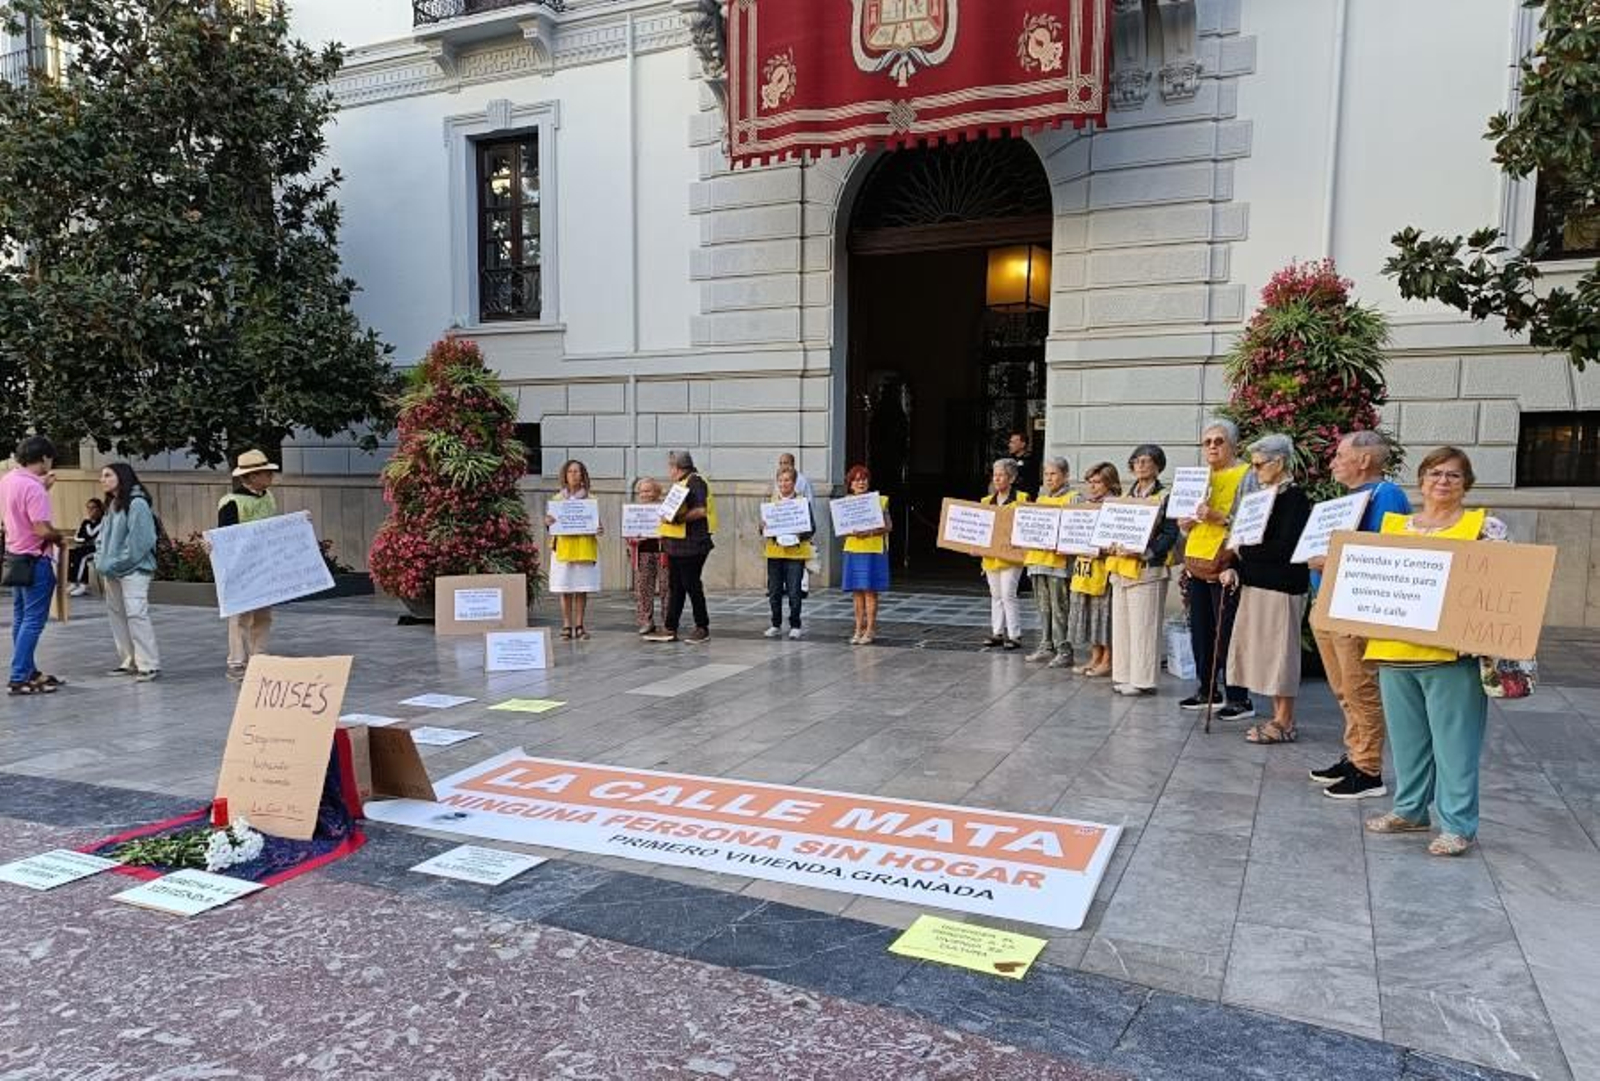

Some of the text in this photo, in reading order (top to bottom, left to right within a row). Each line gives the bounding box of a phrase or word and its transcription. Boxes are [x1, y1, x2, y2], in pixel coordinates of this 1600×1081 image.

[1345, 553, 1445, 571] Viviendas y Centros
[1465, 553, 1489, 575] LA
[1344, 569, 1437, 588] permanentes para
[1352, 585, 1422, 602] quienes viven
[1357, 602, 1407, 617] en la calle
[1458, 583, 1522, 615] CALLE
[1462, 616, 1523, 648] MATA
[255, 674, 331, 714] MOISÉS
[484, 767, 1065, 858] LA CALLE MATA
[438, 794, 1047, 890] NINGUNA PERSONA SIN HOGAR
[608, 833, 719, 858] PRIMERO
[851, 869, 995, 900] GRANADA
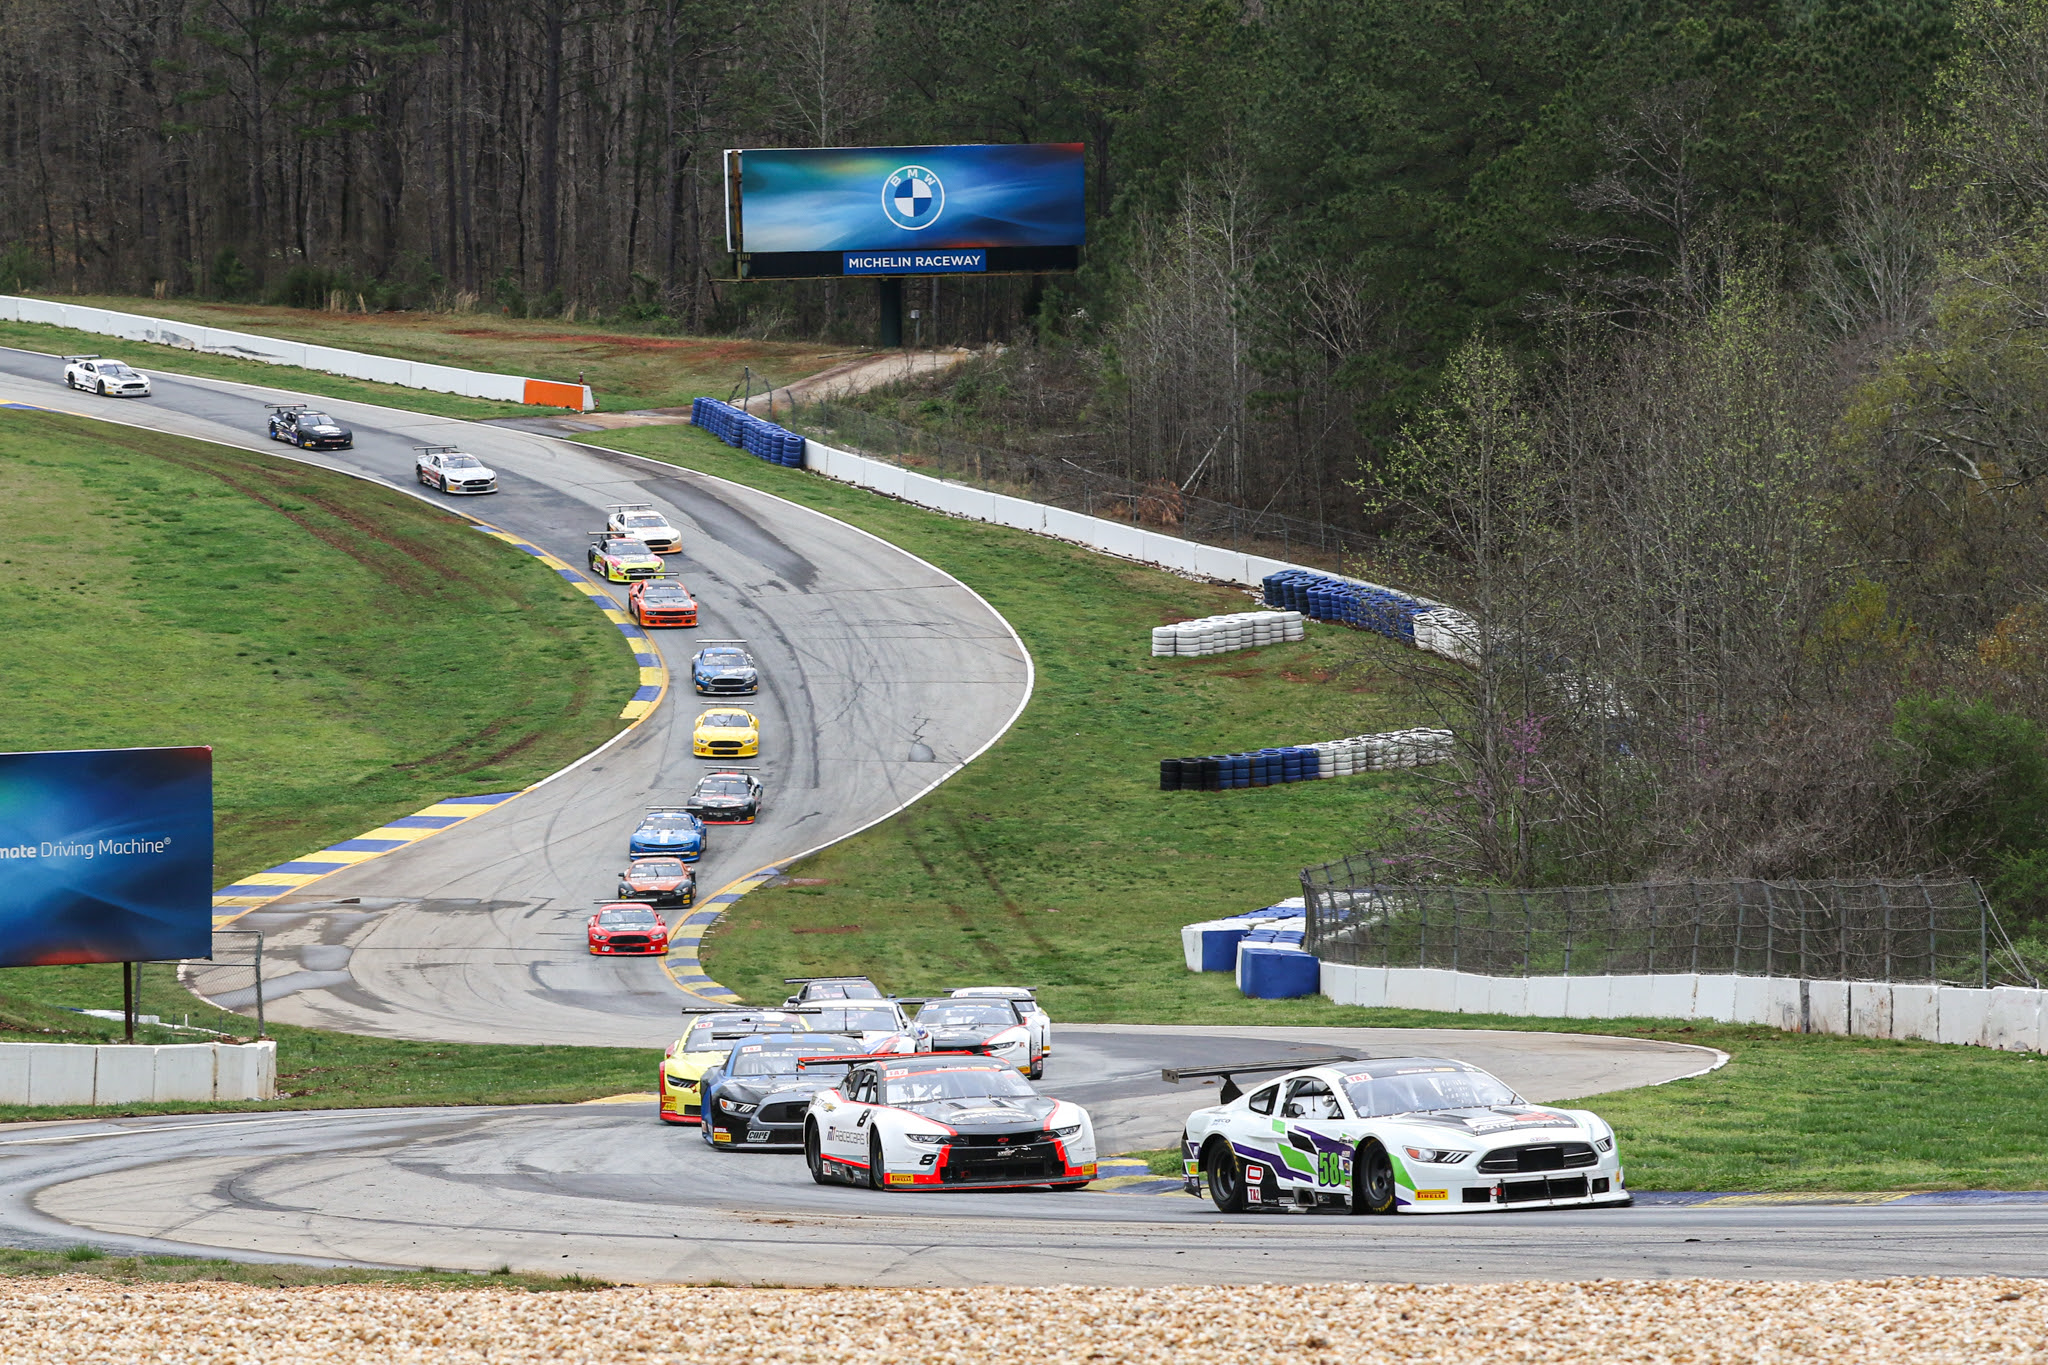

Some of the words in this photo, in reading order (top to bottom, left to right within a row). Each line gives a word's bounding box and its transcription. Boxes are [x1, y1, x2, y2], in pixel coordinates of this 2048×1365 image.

◆ Problem description
Your answer must restate the entries word for word and contain no pictures.

◆ Reply
Some of the text in this photo, in reading order (top to bottom, left to right within a row). Each line gives the bounding box of a phrase or word and its transcription. Boxes are [x1, y1, x2, y2], in pixel coordinates of this 1600×1081 image.

[1345, 553, 1445, 571] Viviendas y Centros
[1465, 553, 1489, 575] LA
[1344, 569, 1437, 588] permanentes para
[1352, 585, 1422, 602] quienes viven
[1357, 602, 1407, 617] en la calle
[1458, 583, 1522, 615] CALLE
[1462, 616, 1523, 648] MATA
[255, 674, 331, 714] MOISÉS
[484, 767, 1065, 858] LA CALLE MATA
[438, 794, 1047, 890] NINGUNA PERSONA SIN HOGAR
[608, 833, 719, 858] PRIMERO
[851, 869, 995, 900] GRANADA

Some of the words in this photo, in reading order (top to bottom, left to right within a row). Each line gives a word's bounding box and its transcription. Boxes are [x1, y1, x2, y2], in pixel coordinates of this 2048×1365 image.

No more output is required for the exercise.